Драматургия Гофмансталя до определенной степени закладывает пустоты, которые будут наполнены актерской индивидуальностью. Те неожиданности, которые при этом происходят, могут подтверждать идеологию, проводимую автором, или идти вразрез с ней – но до какого предела Гофмансталь был готов к последнему? До какой степени наличие таких «лакун» могло иметь для актрис или оперных певиц эмансипирующее значение (оставляя поле для интерпретации той или иной идеологически важной фигуры), а насколько все же и лакуны были определены той идеологической рамкой, в которую они были помещены? И в коей мере наличие такого поля могло быть иллюзией, ведущей как раз к размытию идеологических рамок – и, в конце концов, одним из способов колонизации творчества женщин?

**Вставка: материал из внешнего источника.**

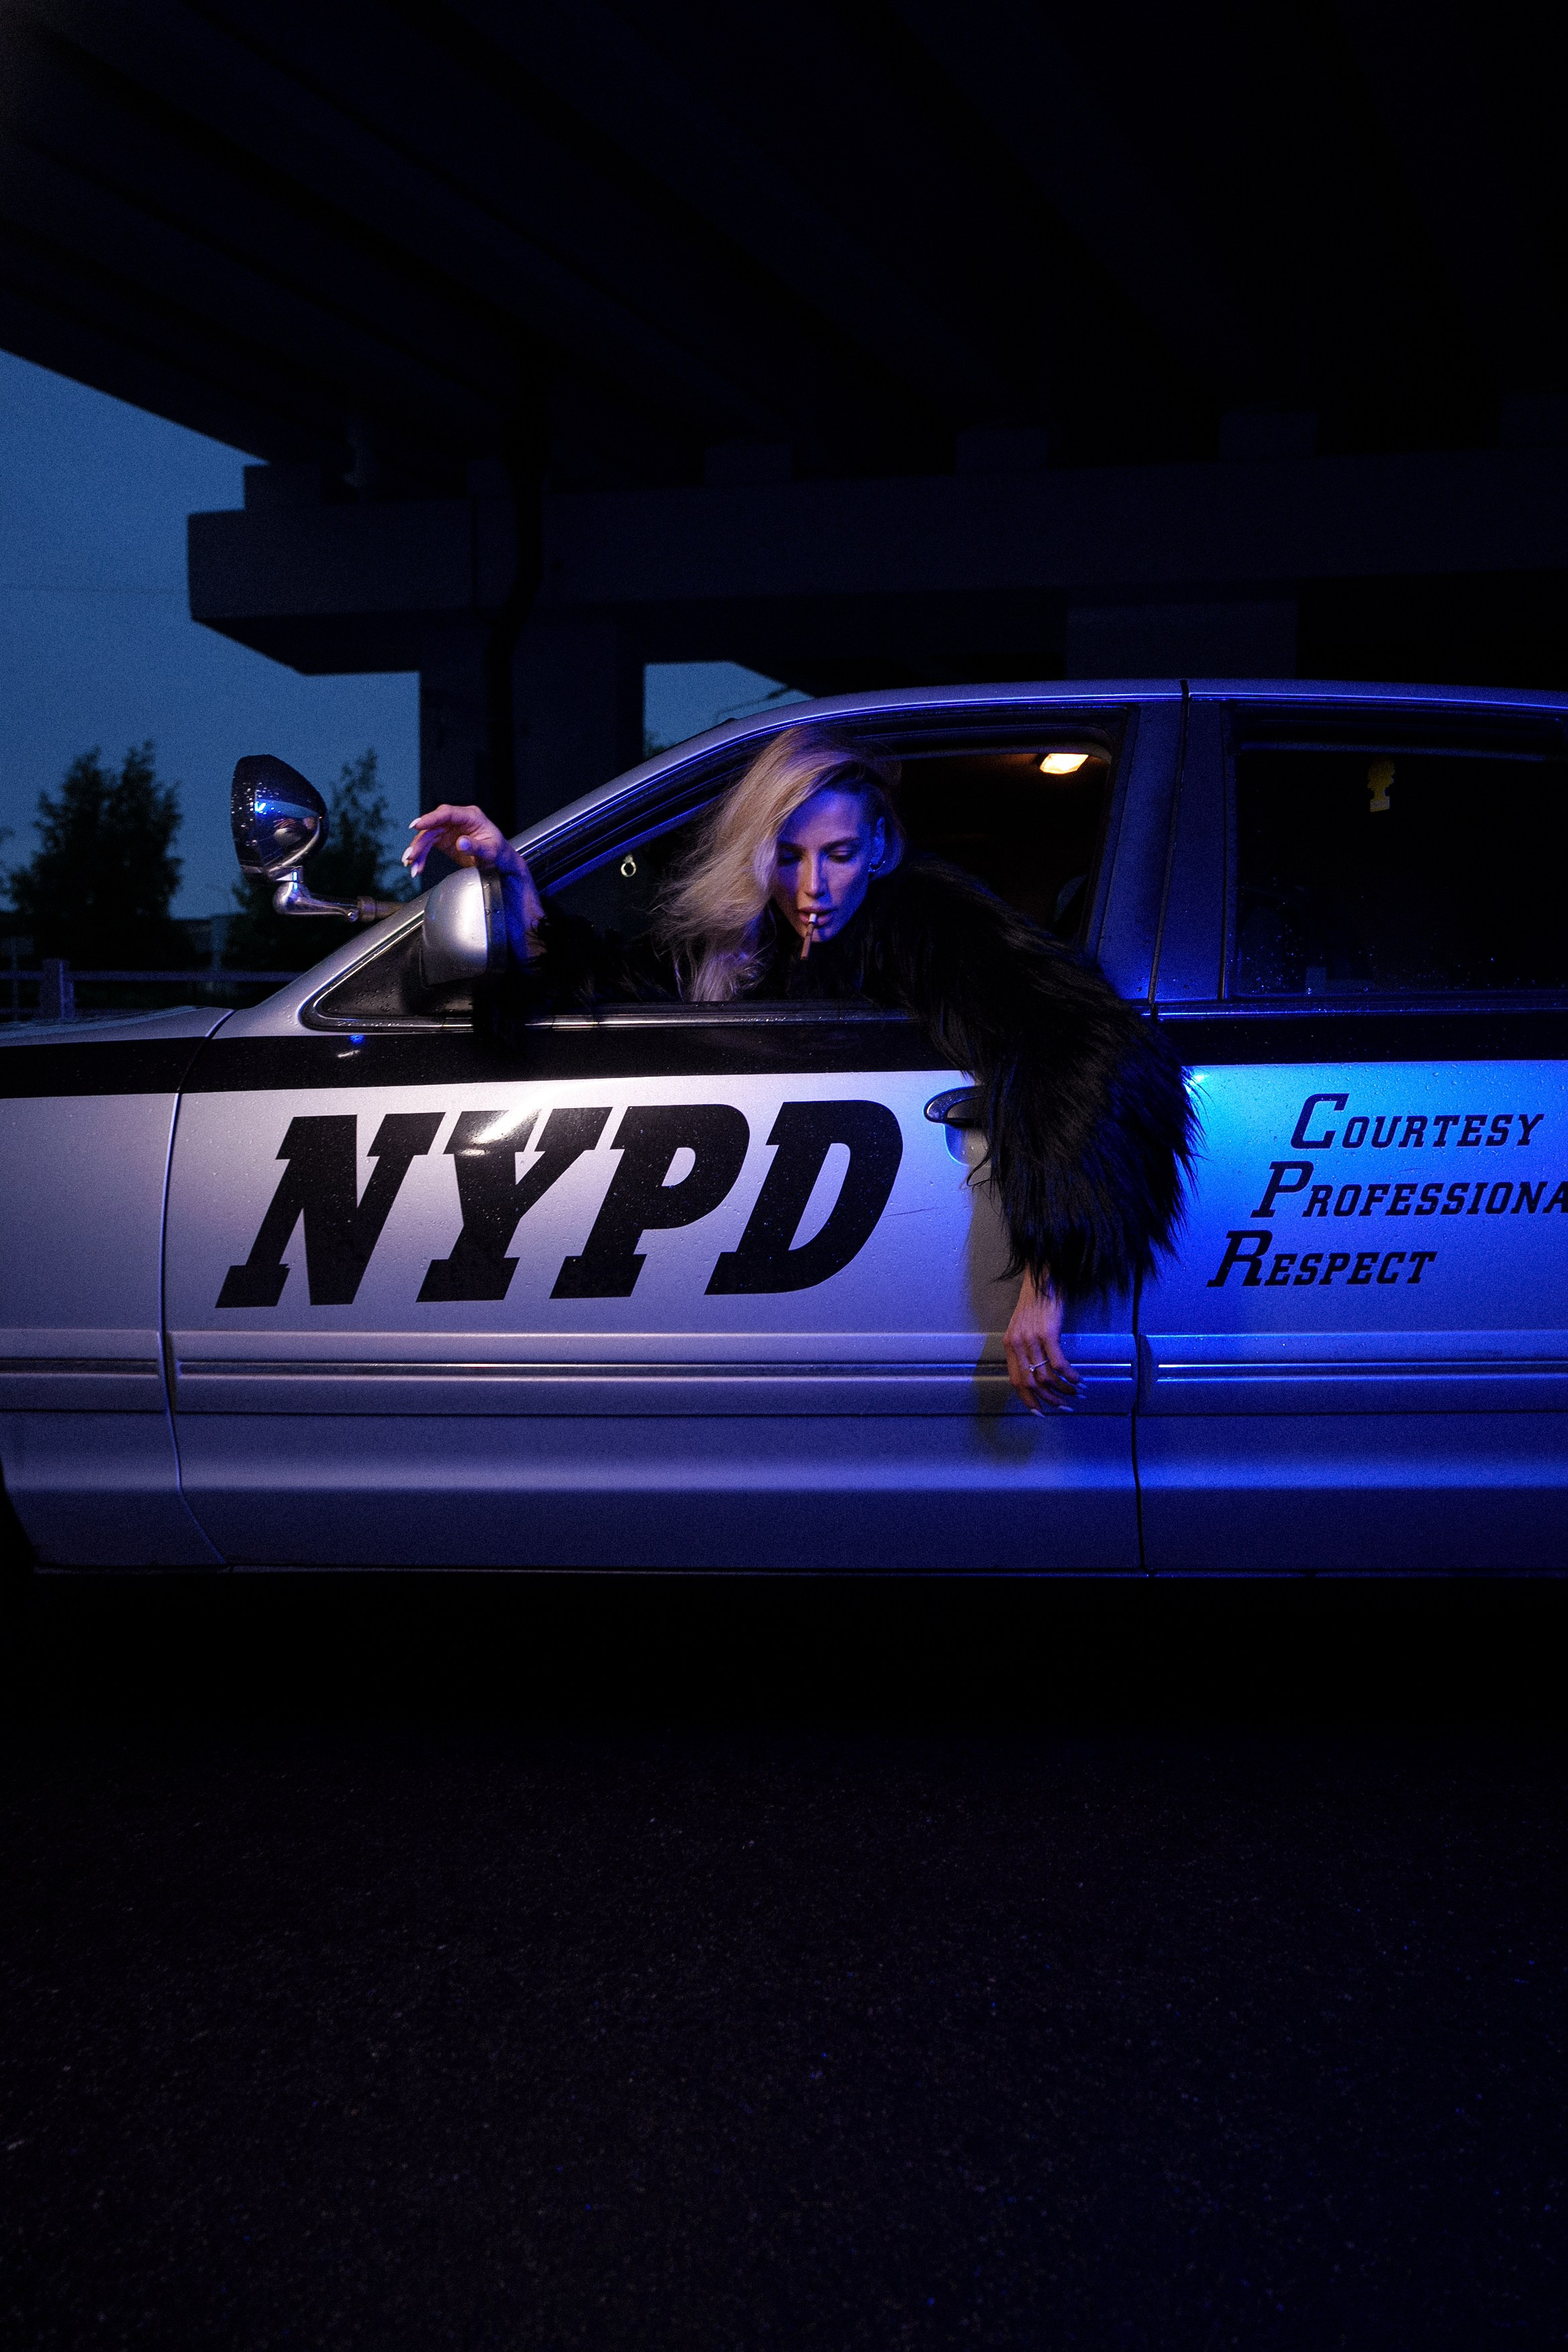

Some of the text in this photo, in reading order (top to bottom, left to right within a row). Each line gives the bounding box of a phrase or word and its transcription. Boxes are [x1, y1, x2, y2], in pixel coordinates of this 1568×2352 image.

[1291, 1093, 1544, 1149] COURTESY
[215, 1099, 903, 1308] NYPD
[1206, 1230, 1437, 1287] RESPECT

Два самых любопытных примера в этом смысле – это Клитемнестра в опере «Электра» Рихарда Штрауса (1909) в исполнении Анны Бар-Мильденбург и судьба такого персонажа, как Жена Потифара в балете того же Штрауса на либретто Гофмансталя и Кесслера «Легенда об Иосифе». Обе фигуры открывают целую вереницу ассоциаций на тему, каково место женщины в патриархальной культуре. Еще точнее: они издавна функционируют среди важных мифов, рассказывающих, как женщина была «поставлена на место». В случае Жены Потифара из балета «Легенда об Иосифе» на роль в премьерном спектакле 1914 года претендовали немало женщин, имевших право думать о себе как о патронессах «нового искусства», но даже если они делали это сознательно (из истории создания спектакля это не очень понятно), то, наверное, не для того, чтобы разыграть в начале XX века еще раз сюжет, как женщина была поставлена на место… Однако об этом подробнее в соответствующей главе.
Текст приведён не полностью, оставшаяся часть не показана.